[Data items]
%%

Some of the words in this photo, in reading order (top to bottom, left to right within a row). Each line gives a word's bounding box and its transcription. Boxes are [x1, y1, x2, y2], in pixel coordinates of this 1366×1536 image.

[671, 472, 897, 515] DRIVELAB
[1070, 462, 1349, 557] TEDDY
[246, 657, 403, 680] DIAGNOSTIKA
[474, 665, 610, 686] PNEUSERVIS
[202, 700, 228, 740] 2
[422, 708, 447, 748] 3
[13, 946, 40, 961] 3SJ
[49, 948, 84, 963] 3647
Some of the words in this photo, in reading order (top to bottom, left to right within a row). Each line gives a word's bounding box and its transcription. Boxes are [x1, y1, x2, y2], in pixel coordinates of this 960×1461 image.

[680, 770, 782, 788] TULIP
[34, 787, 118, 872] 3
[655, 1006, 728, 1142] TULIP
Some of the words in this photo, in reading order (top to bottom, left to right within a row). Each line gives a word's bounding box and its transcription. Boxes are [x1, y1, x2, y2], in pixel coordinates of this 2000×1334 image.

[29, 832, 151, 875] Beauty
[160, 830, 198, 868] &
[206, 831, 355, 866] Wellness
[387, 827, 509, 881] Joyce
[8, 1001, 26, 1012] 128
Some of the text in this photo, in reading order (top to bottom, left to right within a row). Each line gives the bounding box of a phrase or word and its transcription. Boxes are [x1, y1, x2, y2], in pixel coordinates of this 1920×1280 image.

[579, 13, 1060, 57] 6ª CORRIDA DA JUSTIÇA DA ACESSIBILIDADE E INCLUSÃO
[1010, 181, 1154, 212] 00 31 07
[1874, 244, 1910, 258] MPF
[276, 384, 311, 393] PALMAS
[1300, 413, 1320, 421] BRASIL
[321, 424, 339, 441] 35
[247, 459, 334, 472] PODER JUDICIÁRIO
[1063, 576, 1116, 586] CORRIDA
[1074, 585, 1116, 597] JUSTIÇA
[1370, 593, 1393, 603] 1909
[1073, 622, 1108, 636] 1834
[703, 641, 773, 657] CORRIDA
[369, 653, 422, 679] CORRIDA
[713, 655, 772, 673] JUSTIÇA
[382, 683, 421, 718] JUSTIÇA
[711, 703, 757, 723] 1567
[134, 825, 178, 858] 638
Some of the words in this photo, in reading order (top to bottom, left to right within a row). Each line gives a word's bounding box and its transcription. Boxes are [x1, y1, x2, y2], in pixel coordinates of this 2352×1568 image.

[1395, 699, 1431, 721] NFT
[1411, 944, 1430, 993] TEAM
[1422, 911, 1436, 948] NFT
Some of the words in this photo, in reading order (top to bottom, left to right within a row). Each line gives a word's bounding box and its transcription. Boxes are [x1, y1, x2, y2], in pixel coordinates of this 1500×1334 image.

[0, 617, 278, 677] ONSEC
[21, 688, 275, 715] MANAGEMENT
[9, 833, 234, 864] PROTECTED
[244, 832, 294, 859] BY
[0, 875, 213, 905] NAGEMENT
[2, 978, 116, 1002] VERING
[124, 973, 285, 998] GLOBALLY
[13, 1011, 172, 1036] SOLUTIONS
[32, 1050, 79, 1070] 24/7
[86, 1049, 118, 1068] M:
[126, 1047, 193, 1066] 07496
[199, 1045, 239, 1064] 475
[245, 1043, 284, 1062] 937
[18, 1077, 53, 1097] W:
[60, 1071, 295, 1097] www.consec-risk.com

%%

*Your objective*: Restate each entry word for word.

*Response box*:
Some of the words in this photo, in reading order (top to bottom, left to right within a row). Each line gives a word's bounding box and its transcription. Boxes are [x1, y1, x2, y2], in pixel coordinates of this 1366×1536 image.

[671, 472, 897, 515] DRIVELAB
[1070, 462, 1349, 557] TEDDY
[246, 657, 403, 680] DIAGNOSTIKA
[474, 665, 610, 686] PNEUSERVIS
[202, 700, 228, 740] 2
[422, 708, 447, 748] 3
[13, 946, 40, 961] 3SJ
[49, 948, 84, 963] 3647
Some of the words in this photo, in reading order (top to bottom, left to right within a row). Each line gives a word's bounding box and its transcription. Boxes are [x1, y1, x2, y2], in pixel coordinates of this 960×1461 image.

[680, 770, 782, 788] TULIP
[34, 787, 118, 872] 3
[655, 1006, 728, 1142] TULIP
Some of the words in this photo, in reading order (top to bottom, left to right within a row). Each line gives a word's bounding box and its transcription. Boxes are [x1, y1, x2, y2], in pixel coordinates of this 2000×1334 image.

[29, 832, 151, 875] Beauty
[160, 830, 198, 868] &
[206, 831, 355, 866] Wellness
[387, 827, 509, 881] Joyce
[8, 1001, 26, 1012] 128
Some of the text in this photo, in reading order (top to bottom, left to right within a row). Each line gives the bounding box of a phrase or word and its transcription. Boxes are [x1, y1, x2, y2], in pixel coordinates of this 1920×1280 image.

[579, 13, 1060, 57] 6ª CORRIDA DA JUSTIÇA DA ACESSIBILIDADE E INCLUSÃO
[1010, 181, 1154, 212] 00 31 07
[1874, 244, 1910, 258] MPF
[276, 384, 311, 393] PALMAS
[1300, 413, 1320, 421] BRASIL
[321, 424, 339, 441] 35
[247, 459, 334, 472] PODER JUDICIÁRIO
[1063, 576, 1116, 586] CORRIDA
[1074, 585, 1116, 597] JUSTIÇA
[1370, 593, 1393, 603] 1909
[1073, 622, 1108, 636] 1834
[703, 641, 773, 657] CORRIDA
[369, 653, 422, 679] CORRIDA
[713, 655, 772, 673] JUSTIÇA
[382, 683, 421, 718] JUSTIÇA
[711, 703, 757, 723] 1567
[134, 825, 178, 858] 638
Some of the words in this photo, in reading order (top to bottom, left to right within a row). Each line gives a word's bounding box and its transcription. Boxes are [x1, y1, x2, y2], in pixel coordinates of this 2352×1568 image.

[1395, 699, 1431, 721] NFT
[1411, 944, 1430, 993] TEAM
[1422, 911, 1436, 948] NFT
Some of the words in this photo, in reading order (top to bottom, left to right within a row). Each line gives a word's bounding box and its transcription. Boxes are [x1, y1, x2, y2], in pixel coordinates of this 1500×1334 image.

[0, 617, 278, 677] ONSEC
[21, 688, 275, 715] MANAGEMENT
[9, 833, 234, 864] PROTECTED
[244, 832, 294, 859] BY
[0, 875, 213, 905] NAGEMENT
[2, 978, 116, 1002] VERING
[124, 973, 285, 998] GLOBALLY
[13, 1011, 172, 1036] SOLUTIONS
[32, 1050, 79, 1070] 24/7
[86, 1049, 118, 1068] M:
[126, 1047, 193, 1066] 07496
[199, 1045, 239, 1064] 475
[245, 1043, 284, 1062] 937
[18, 1077, 53, 1097] W:
[60, 1071, 295, 1097] www.consec-risk.com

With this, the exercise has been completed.